Silent Screams - C. E. Lawrence [66]
The church was a modest white clapboard affair, not very grand by Catholic standards. Except for the sepia tones of the grass on the church lawn, black and gray dominated the landscape. The drab February sky hung low over the mourners, not even a suggestion of sunlight filtering through the flat gray cloud cover. The monochromatic setting, the dark suits of the mourners as they stood in a little clump outside the white wooden church, all reminded Lee of a scene from a black-and-white film. A shiny black hearse was parked in the driveway, waiting for the slow, stately crawl to the cemetery.
The ceremony was just ending as Lee arrived. As he walked up the flagstone path, one of the mourners emerged from the church carrying a bouquet of red carnations, bright as a splash of fresh blood against her black dress.
A solitary crow perched atop a low branch of a black oak, observing the scene with its head cocked to one side, its bright eyes sharp as pine needles. The tree’s trunk was darkened by the recent rain, the rough black bark still visibly damp, tiny droplets of water tucked into the deep crevices. The crow gave a low, hoarse caw and took off from its branch, ascending rapidly into the dun-colored sky in a flurry of flapping wings.
Lee watched it rise and disappear over a copse of trees as a light mist fell on the already soggy ground. The small clump of journalists looked miserable, huddled under their huge black umbrellas, cameras tucked under their raincoats. He studied them. Most were young, probably greenhorns still on probation with their cranky, overstressed bosses. None of them had the look of established stars or even up-and-comers—this was hardly a plum assignment, covering the funeral of the unfortunate victim.
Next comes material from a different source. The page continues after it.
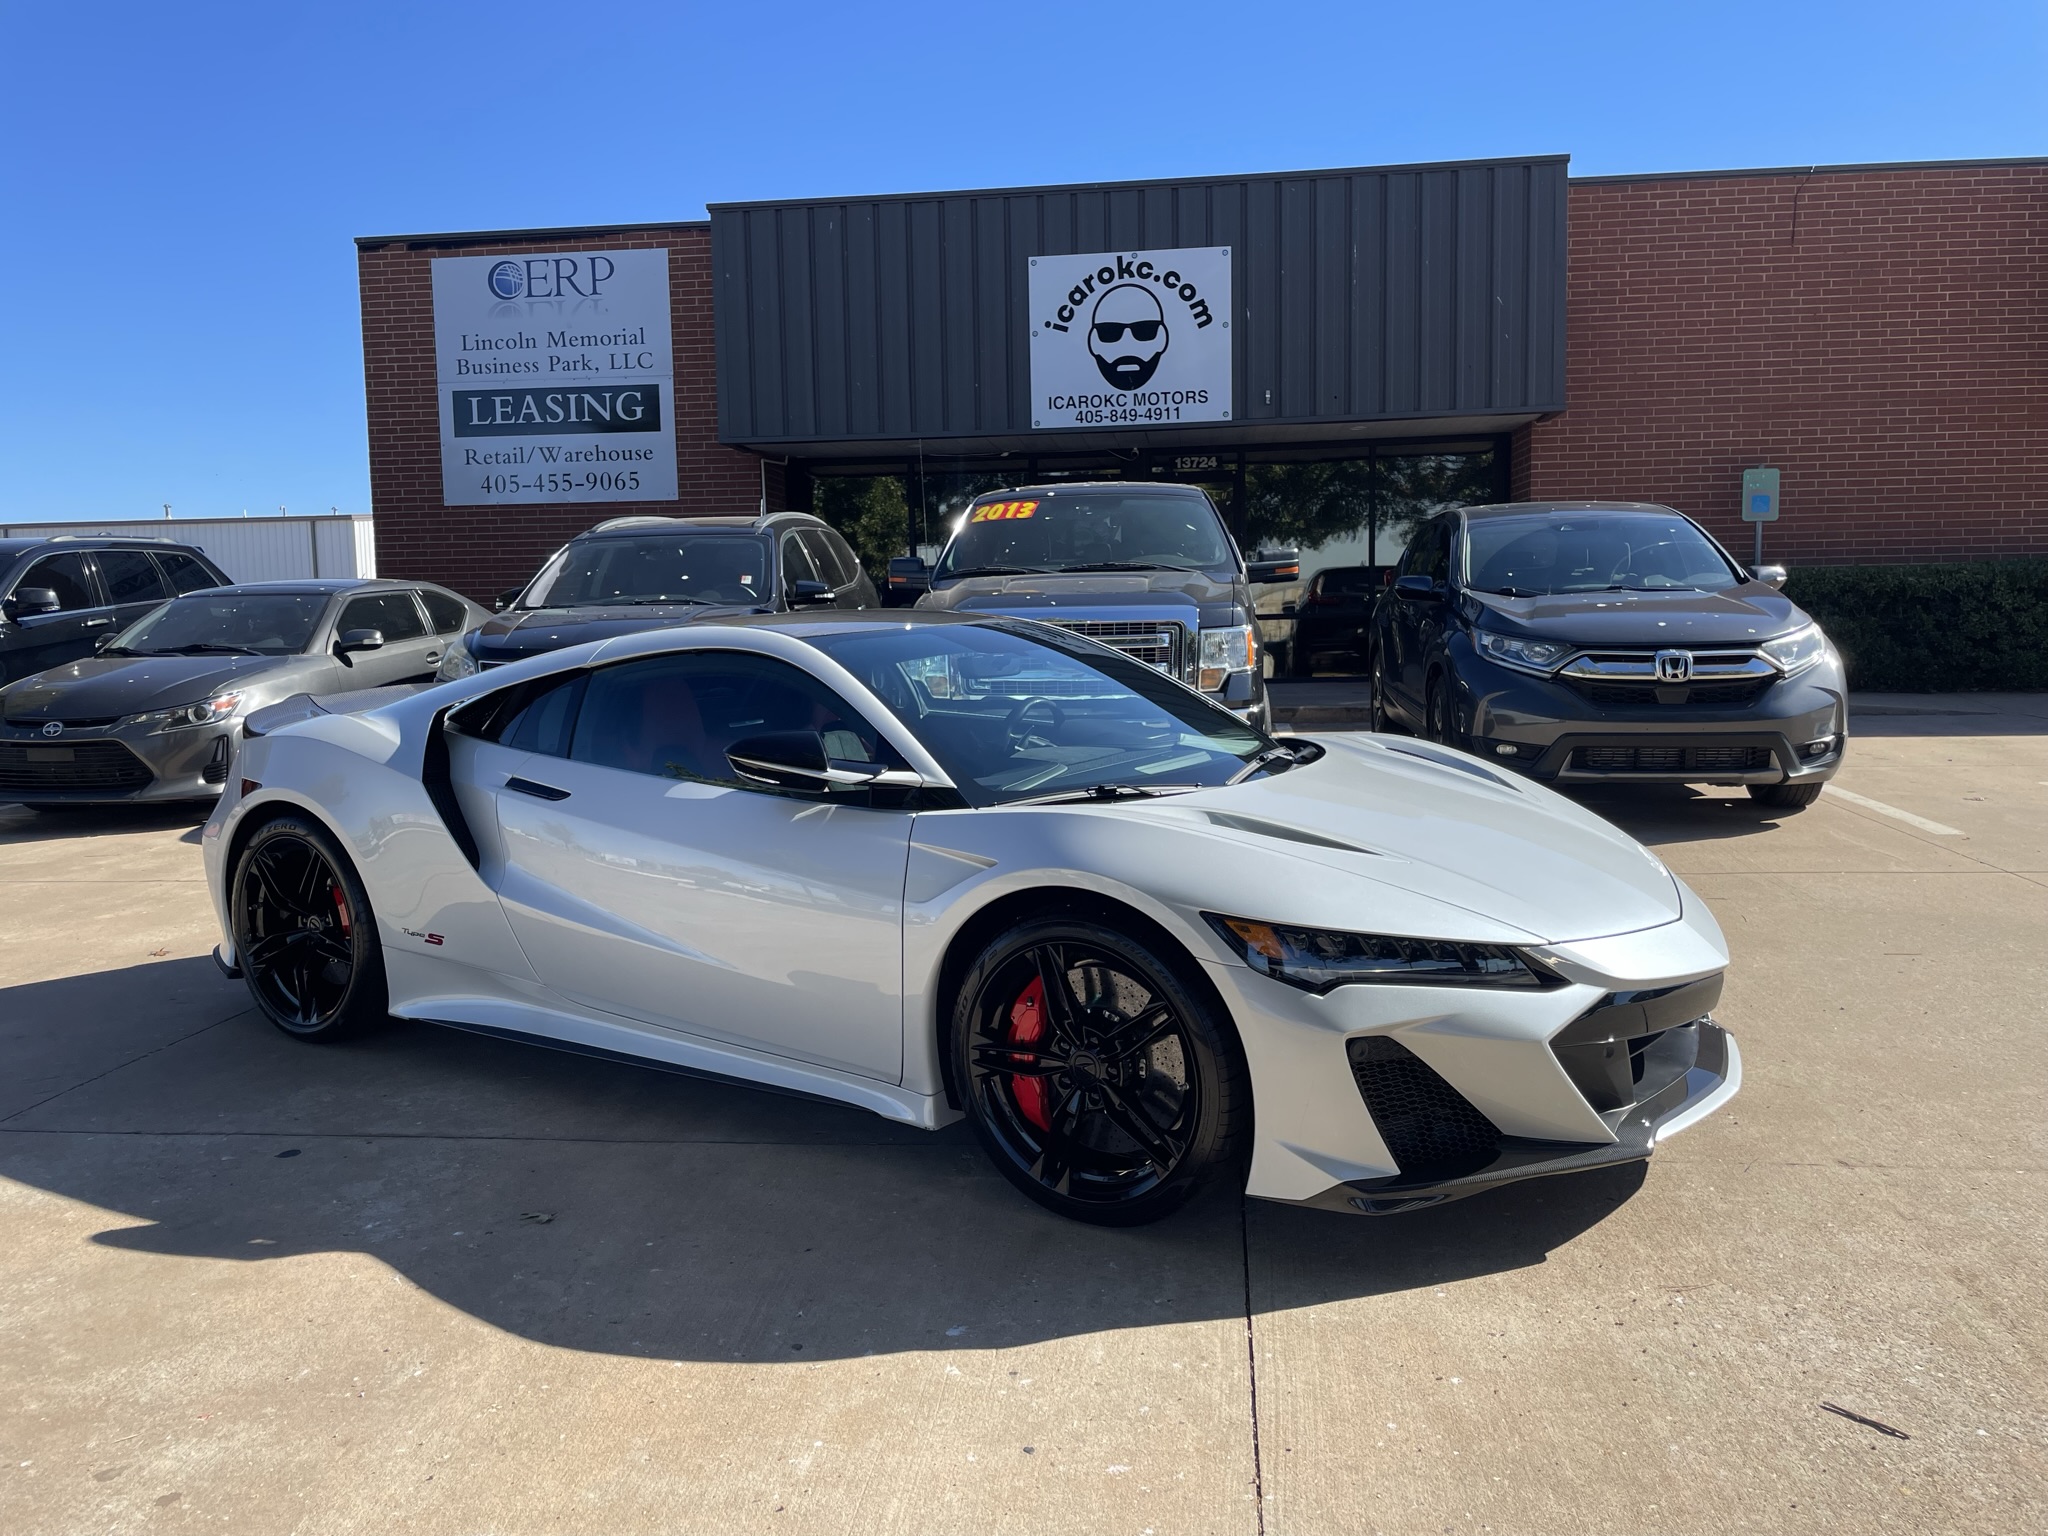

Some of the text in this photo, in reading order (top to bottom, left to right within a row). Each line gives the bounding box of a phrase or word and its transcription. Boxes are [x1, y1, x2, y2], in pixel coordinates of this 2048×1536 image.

The real stars would get to cover the discovery of the body, police press briefings, that kind of thing.
Lee watched the mourners leaving the church, searching for any unusual aspect of appearance or behavior that stuck out—anything that didn’t quite fit. He didn’t know exactly what he was looking for, but hoped he would recognize it when he saw it.
He scanned the crowd of mourners. Their faces were suitably solemn, some swollen and red-eyed from grief, most of them pale and pasty in the feeble sun. A tall, sandy-haired man with handsome Irish features emerged from the church, supporting a slight, black-haired woman on his arm. She wore a long black veil, but the devastation on her face was clear even through the gauzy material. Obviously they were Annie’s parents. The daughter took after her mother, with her wavy black hair—the so-called Black Irish, whose curly dark hair was a remnant of their Italian conquerors of centuries past. Annie’s mother had the same delicate white skin as her daughter, though, bespeaking her Northern European ancestry.
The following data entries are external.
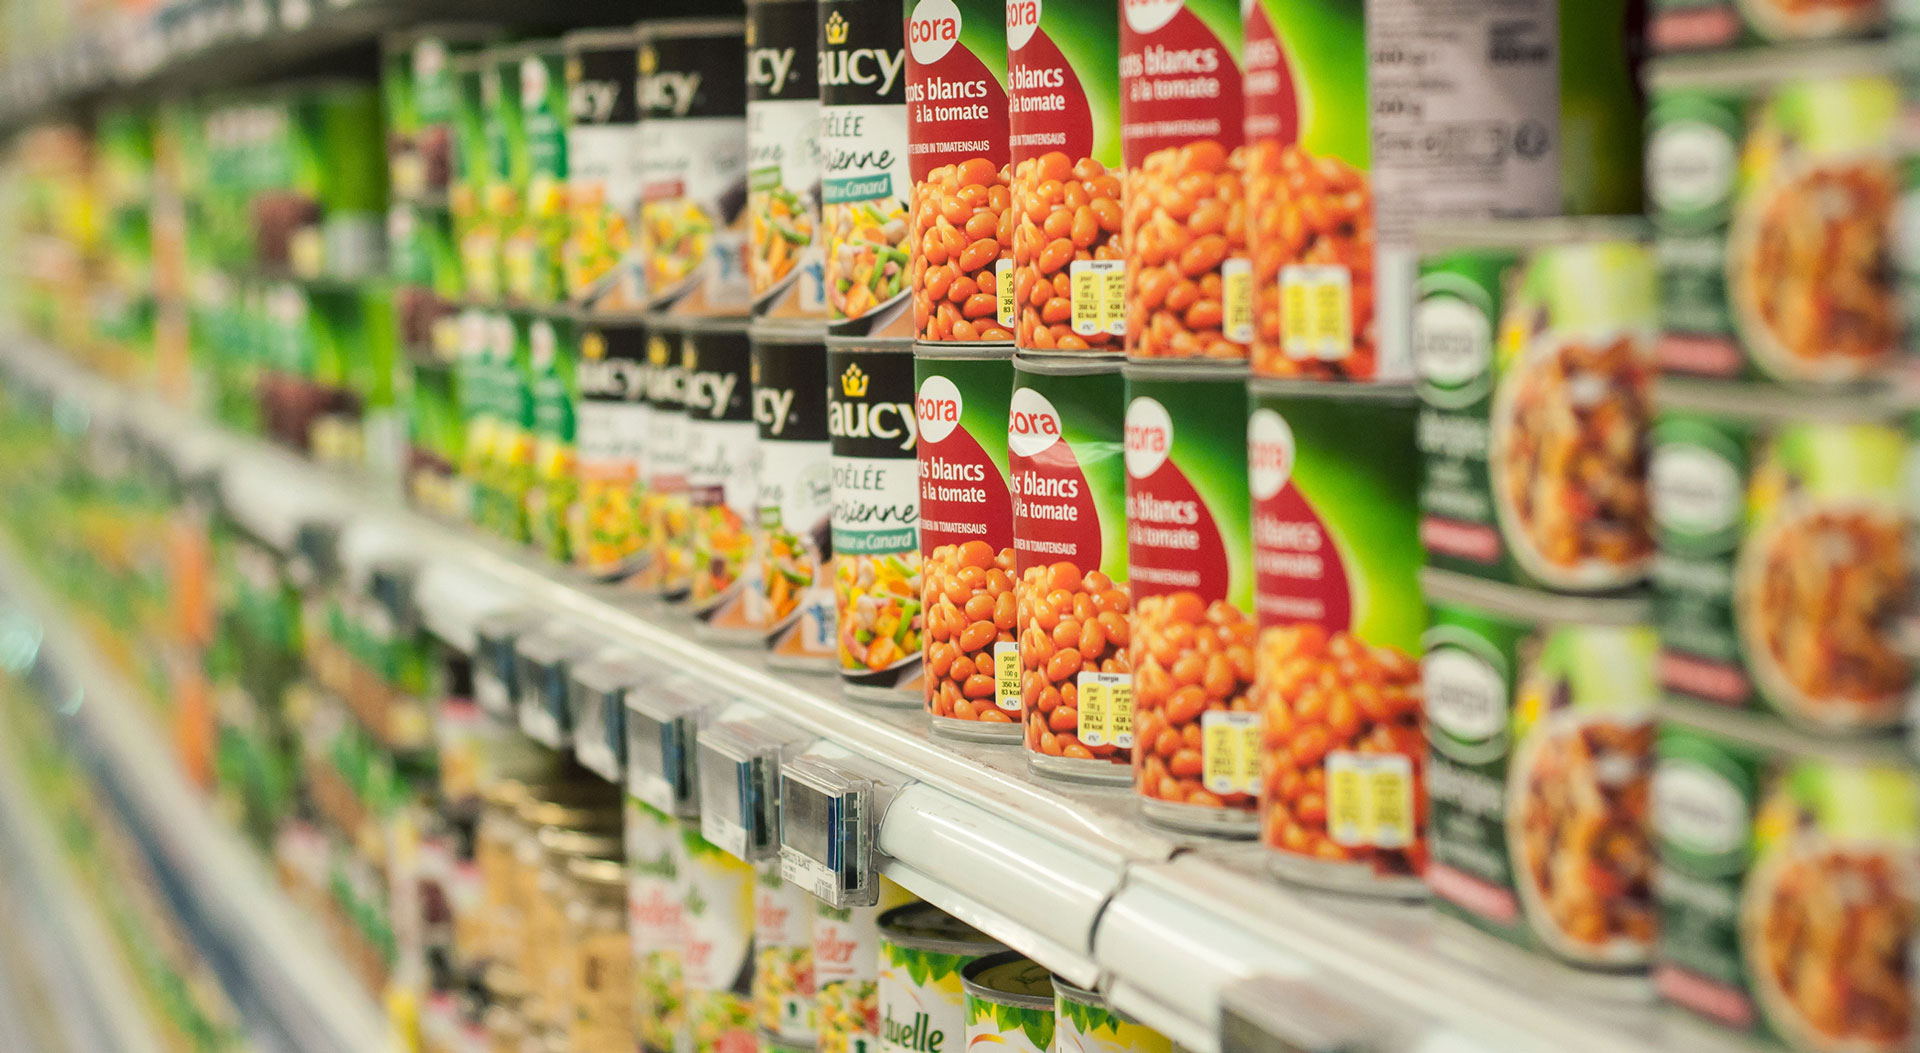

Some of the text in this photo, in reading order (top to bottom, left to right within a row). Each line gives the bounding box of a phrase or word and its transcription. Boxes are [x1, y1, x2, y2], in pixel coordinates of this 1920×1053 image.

[911, 17, 957, 43] cora
[1015, 64, 1064, 89] blancs
[927, 77, 987, 100] blancs
[923, 104, 933, 122] la
[935, 104, 989, 121] tomate
[1021, 93, 1066, 112] tomate
[936, 140, 990, 153] TOMATENSAUS
[919, 399, 957, 422] cora
[932, 456, 984, 481] blancs
[922, 481, 986, 503] à la tomate
[1024, 470, 1078, 498] blancs
[1030, 501, 1078, 522] tomate
[939, 521, 987, 535] TOMATENSAUS
[1031, 540, 1077, 556] TOMATENSAUS
Her father had the kind of Irish good looks Lee saw all over New York City: square, broad forehead, deep-set blue eyes, his prominent jaw jutting out beneath a thin, determined mouth. His ruddy, wind-burned skin was the complexion of someone who spent his time out herding sheep on the moors instead of working at an accounting firm. He had the big, blunt hands of a shepherd, not an accountant.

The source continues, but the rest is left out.